INPUT FOR THIS TASK —
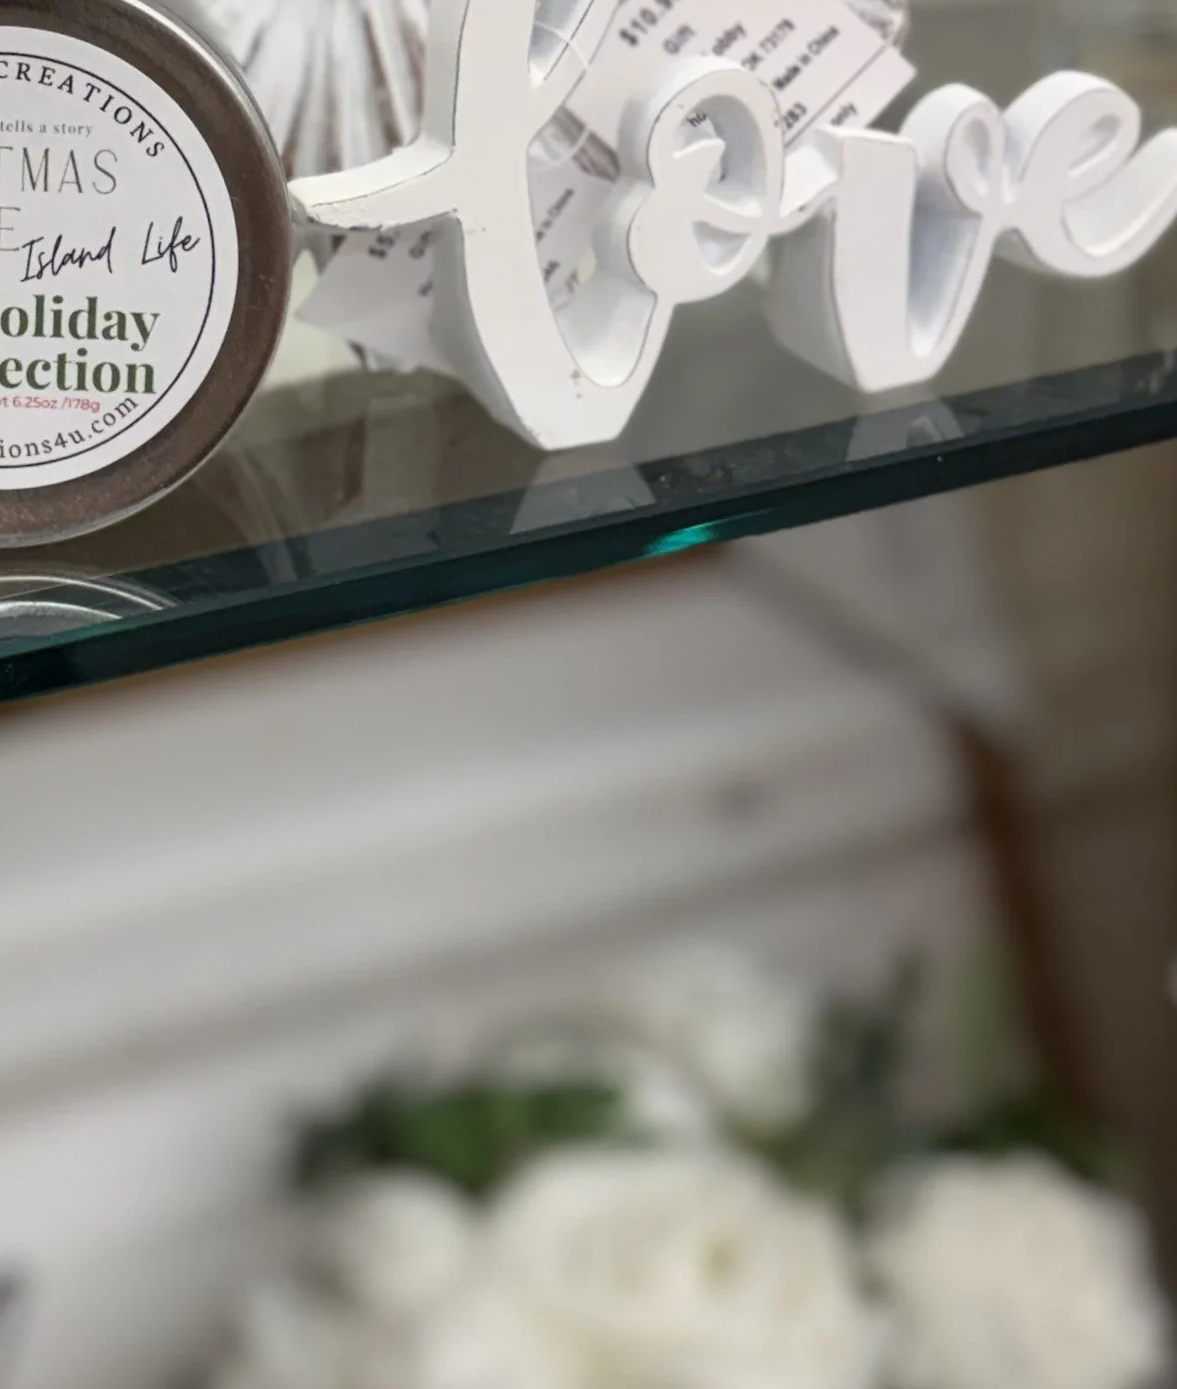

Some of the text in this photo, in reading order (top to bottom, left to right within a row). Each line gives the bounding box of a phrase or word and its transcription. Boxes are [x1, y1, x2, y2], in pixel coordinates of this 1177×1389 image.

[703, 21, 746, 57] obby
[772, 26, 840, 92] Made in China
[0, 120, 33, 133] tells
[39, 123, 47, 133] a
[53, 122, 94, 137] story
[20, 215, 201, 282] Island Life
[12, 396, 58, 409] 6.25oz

WORK ORDER — Could you repeat all of the data exactly, minus the pictures?

RESPONSE AREA —
Some of the text in this photo, in reading order (top to bottom, left to right within a row). Each line gives the bounding box of a phrase or word and its transcription. Boxes are [x1, y1, x2, y2], in pixel coordinates of this 1177×1389 image.

[703, 21, 746, 57] obby
[772, 26, 840, 92] Made in China
[0, 120, 33, 133] tells
[39, 123, 47, 133] a
[53, 122, 94, 137] story
[20, 215, 201, 282] Island Life
[12, 396, 58, 409] 6.25oz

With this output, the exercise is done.